Littlefield Fountain on the University of Texas campus is a landmark gathering spot at the entrance of the college’s South Mall.
That’s why it was so jarring to see the words scrawled in bright red Thursday morning on one of its walls.
“This is the blood of survivors that UT ignores,” read the graffiti next to an oversized image of a sickle and hammer, according to the Austin American Statesman.
The University of Texas Police Department initially said that runoff from the red graffiti on one wall behind the fountain is what turned the water purple.
But a police spokeswoman told the Daily Texan that maintenance crews found two spots in the water where it appeared that purple dye had been poured into the fountain.
Purple is the preferred color for International Women’s Day, which was founded when more than 15,000 women marched in New York to demand better working conditions more than 100 years sago and was observed this year on Thursday, March 8, according to Fortune.
But what could the actual correlation be between International Women’s Day and the perpetrators of the most recent vandalism on the traditionally liberal campus in one of the country’s most conservative states?
Similar graffiti has been spray-painted on campus as recently as February, when a similar sickle-and-hammer image was placed next to the words, “UT harbors abusers” and “Watch your back, Richard” near the university’s pharmacy building, according to KXAN.

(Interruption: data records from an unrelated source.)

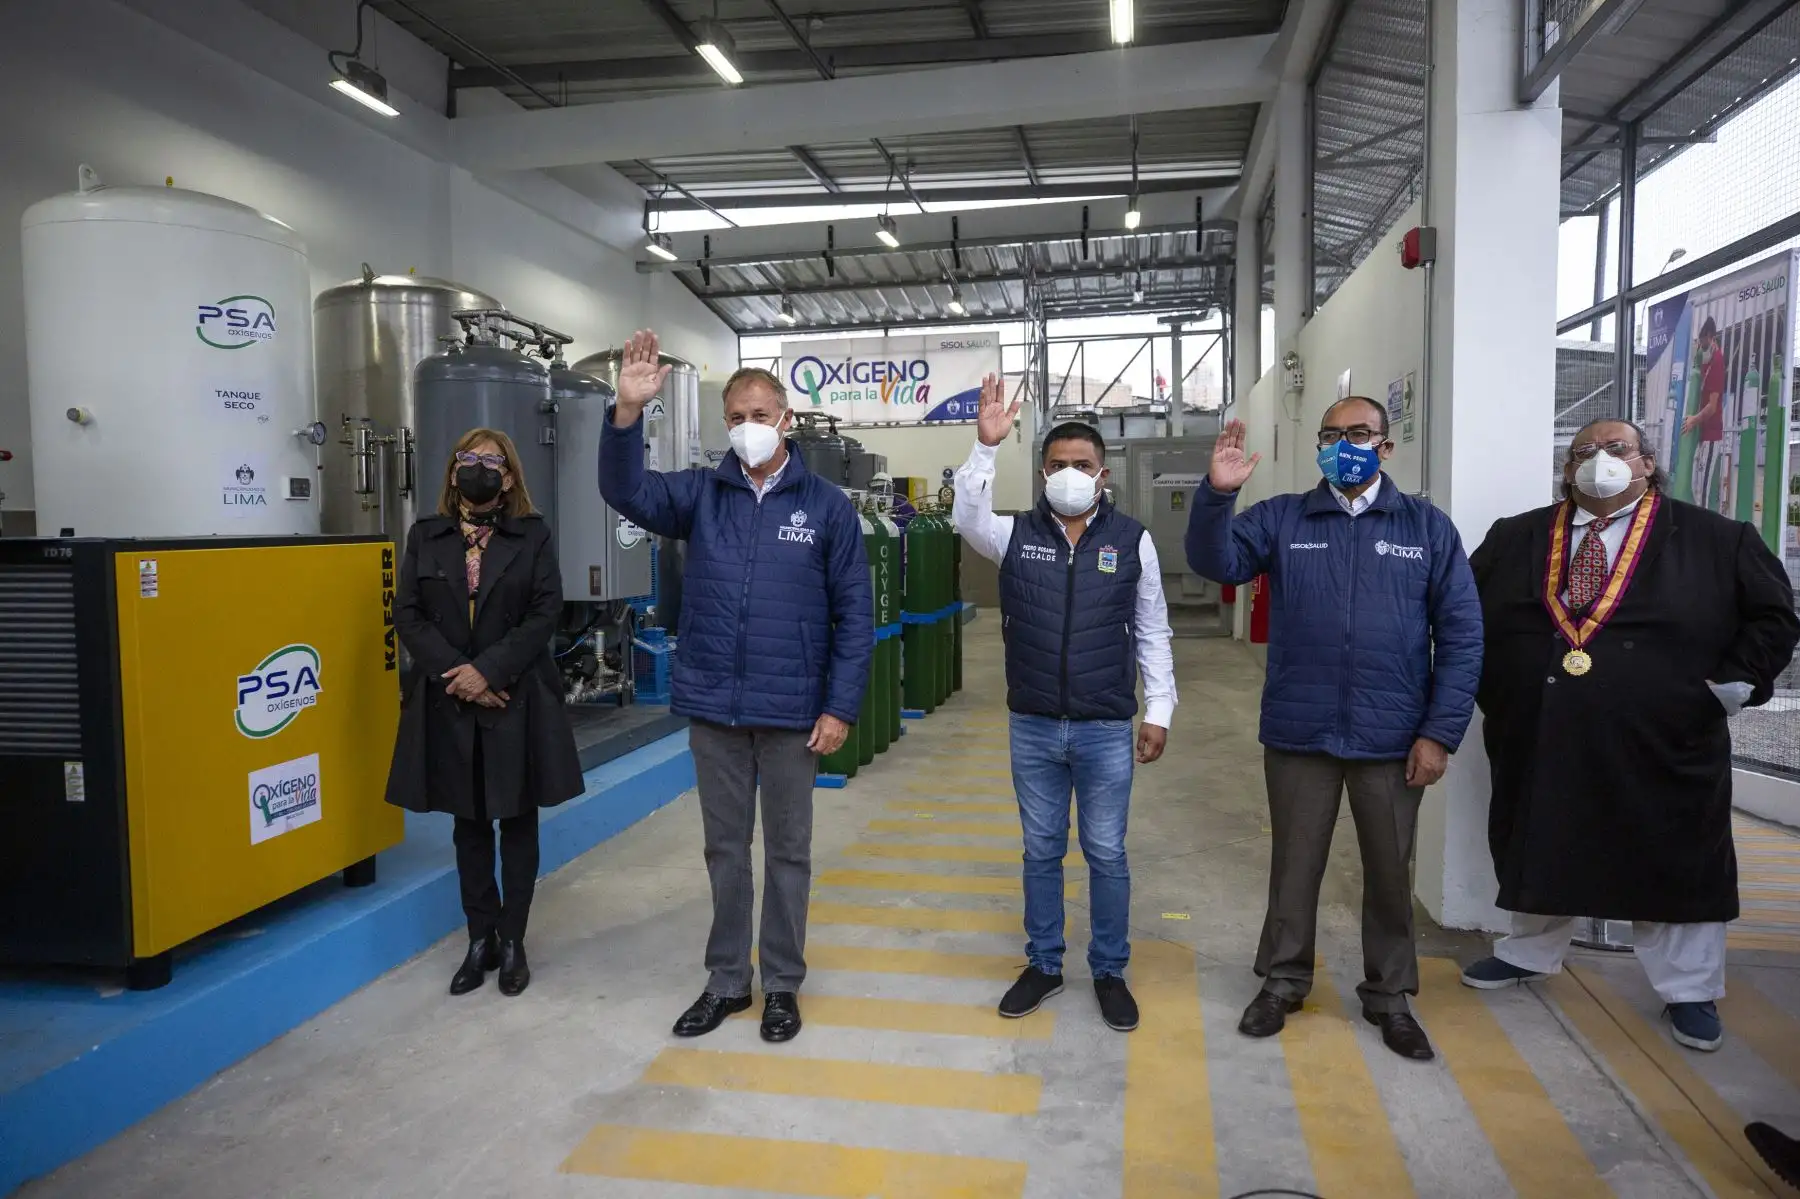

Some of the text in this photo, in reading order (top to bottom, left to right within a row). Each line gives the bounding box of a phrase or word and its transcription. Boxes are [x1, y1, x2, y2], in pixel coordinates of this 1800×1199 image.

[1738, 276, 1786, 302] SISOL SALUD
[198, 305, 276, 332] PSA
[940, 339, 992, 349] SISOL SALUD
[1649, 332, 1668, 349] LIMA
[215, 389, 262, 401] TANQUE
[830, 373, 931, 406] para la Vida
[224, 401, 255, 410] SECO
[965, 404, 981, 414] LI
[223, 493, 267, 506] LIMA
[778, 530, 814, 545] LIMA
[1021, 551, 1057, 562] ALCALDE
[1038, 546, 1056, 554] ROSARIO
[1392, 547, 1423, 560] LIMA
[880, 545, 889, 624] OXYGE
[381, 548, 397, 671] KAESER
[238, 666, 320, 705] PSA
[272, 799, 288, 812] para
[288, 796, 295, 805] la

That name is in reference to pharmacy professor Richard Morrisett, who recently pleaded guilty to a 2016 domestic assault charge. Morrisett remained in his position during the spring 2018 semester, though a “Rally to Run Off Morrisett,” organized by a group called the Revolutionary Student Front, was held on campus Feb. 13, according to the Texan.
The Revolutionary Student Front calls itself “an organization for revolutionary anti-capitalist students in Austin, Texas,” on its Facebook page. The sickle and hammer are part of all the group’s messaging.
The same group has claimed responsibility for the latest graffiti and dye-job at Littlefield Fountain, according to one reporter for the university newspaper.